#### What you need to do
What you return should match every record exactly, with the images removed.

Saved data entries
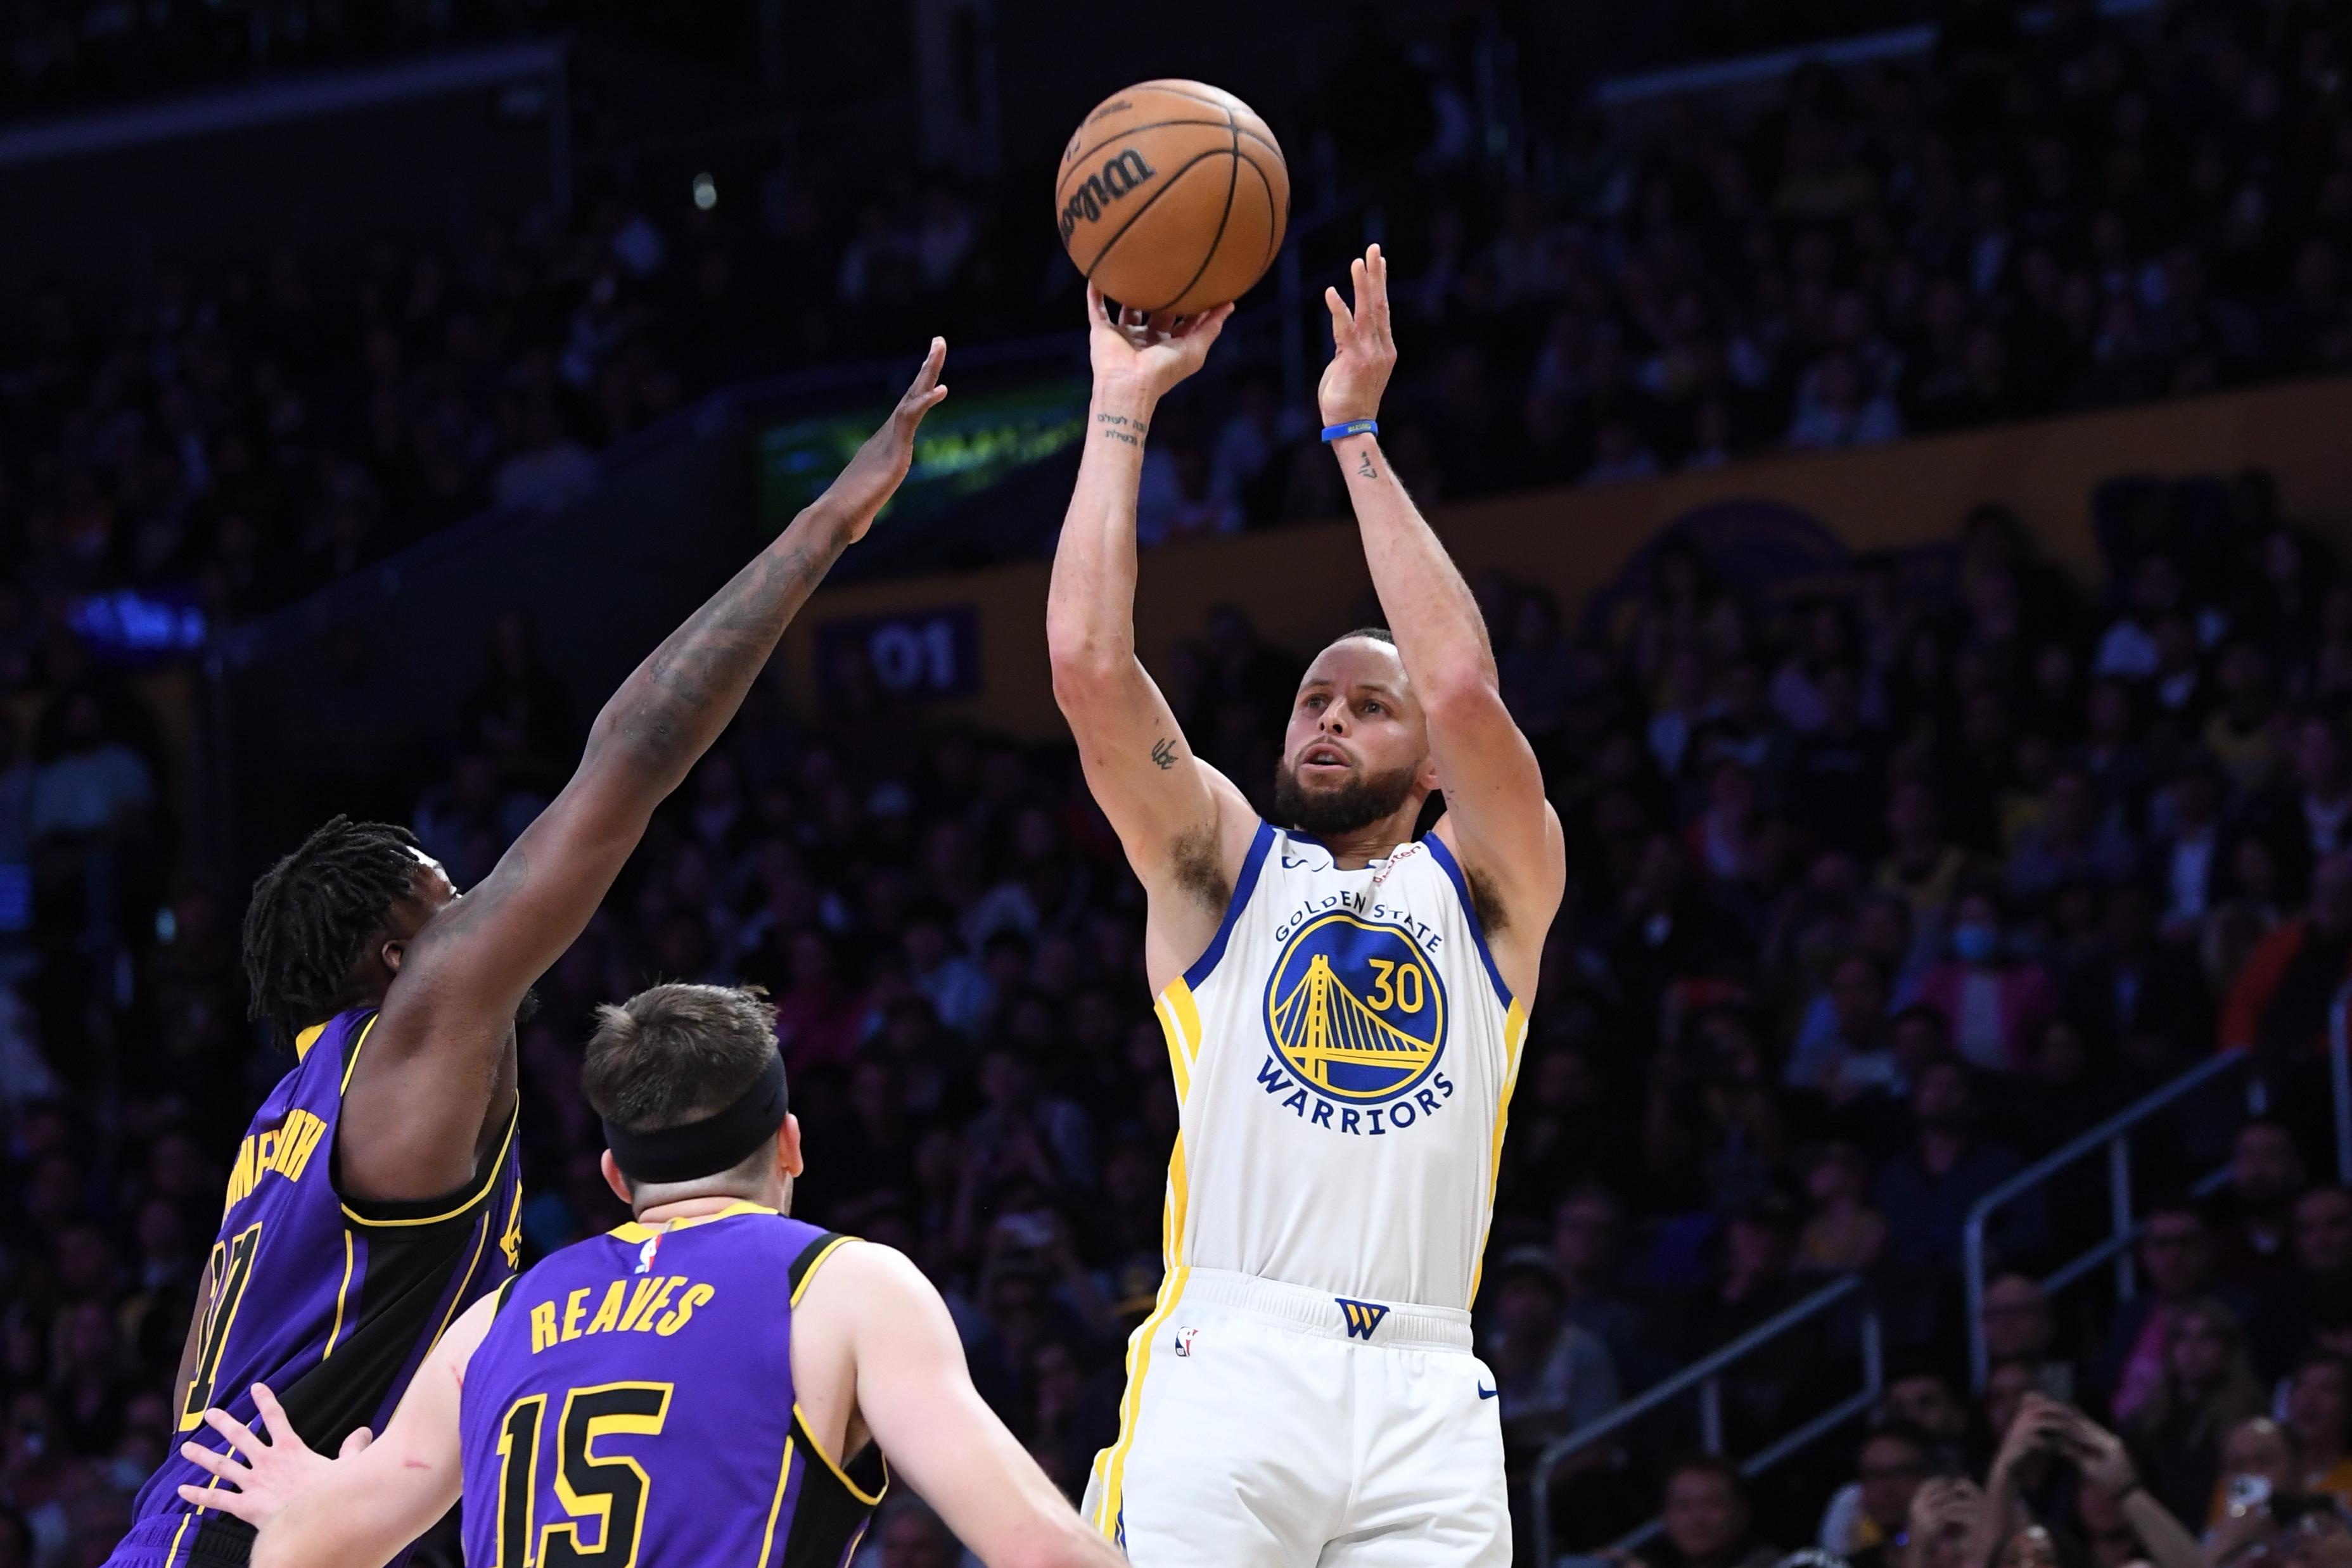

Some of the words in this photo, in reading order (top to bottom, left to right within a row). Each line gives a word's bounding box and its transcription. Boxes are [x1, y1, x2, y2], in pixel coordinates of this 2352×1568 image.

[1060, 148, 1156, 247] Wilso
[868, 619, 955, 691] 01
[1275, 890, 1367, 943] GOLDEN
[1373, 904, 1443, 953] STATE
[1366, 958, 1424, 1014] 30
[1256, 1054, 1454, 1136] WARRIORS
[530, 1275, 715, 1354] REAVES
[489, 1380, 674, 1568] 15
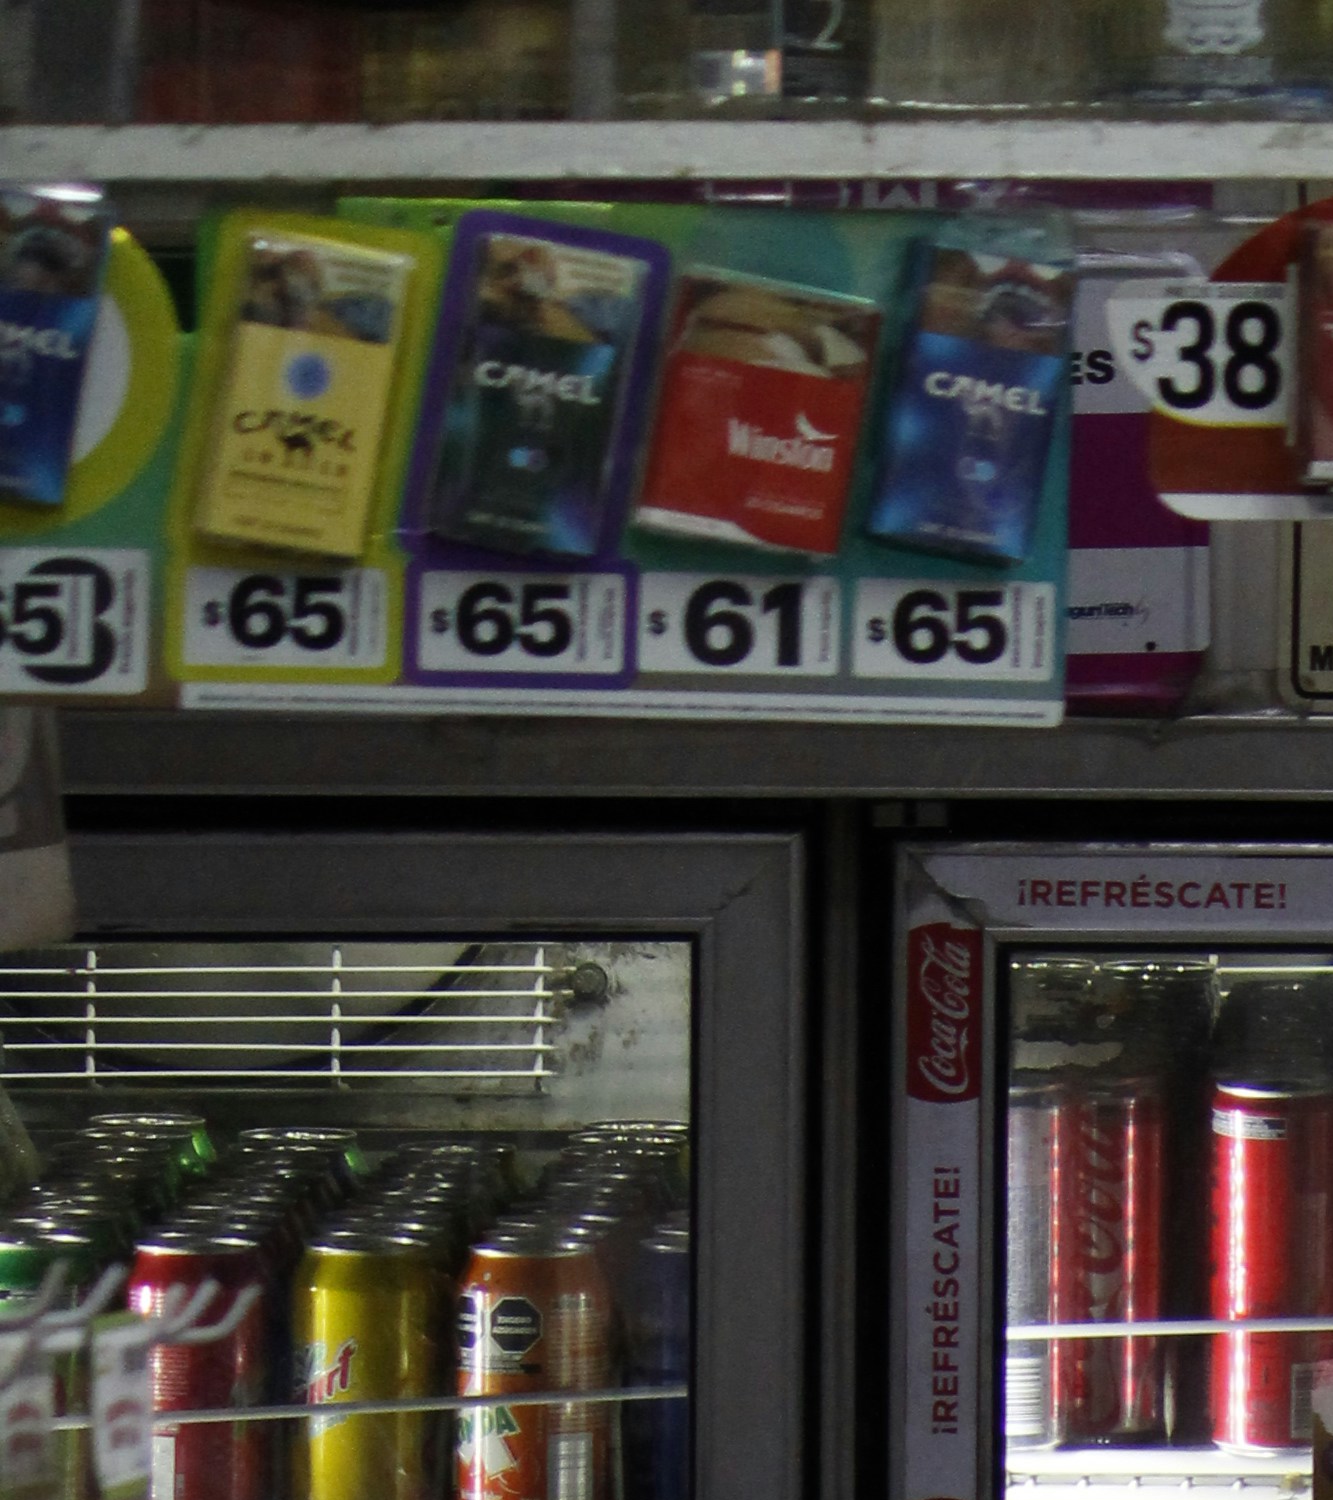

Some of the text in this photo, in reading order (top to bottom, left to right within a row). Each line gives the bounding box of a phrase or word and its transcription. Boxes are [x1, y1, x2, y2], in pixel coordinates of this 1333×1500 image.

#### Your solution
Some of the words in this photo, in reading order (top to bottom, left to right within a row). Each line gives a word's bounding box and its transcription. Boxes are [x1, y1, x2, y2], in pixel coordinates of this 2352×1568 image.

[1060, 148, 1156, 247] Wilso
[868, 619, 955, 691] 01
[1275, 890, 1367, 943] GOLDEN
[1373, 904, 1443, 953] STATE
[1366, 958, 1424, 1014] 30
[1256, 1054, 1454, 1136] WARRIORS
[530, 1275, 715, 1354] REAVES
[489, 1380, 674, 1568] 15

Some of the text in this photo, in reading order (top to bottom, left to right within a row). Each line gives the bounding box of a phrase or word and its transcription. Boxes are [x1, y1, x2, y2], in pixel coordinates of this 1333×1500 image.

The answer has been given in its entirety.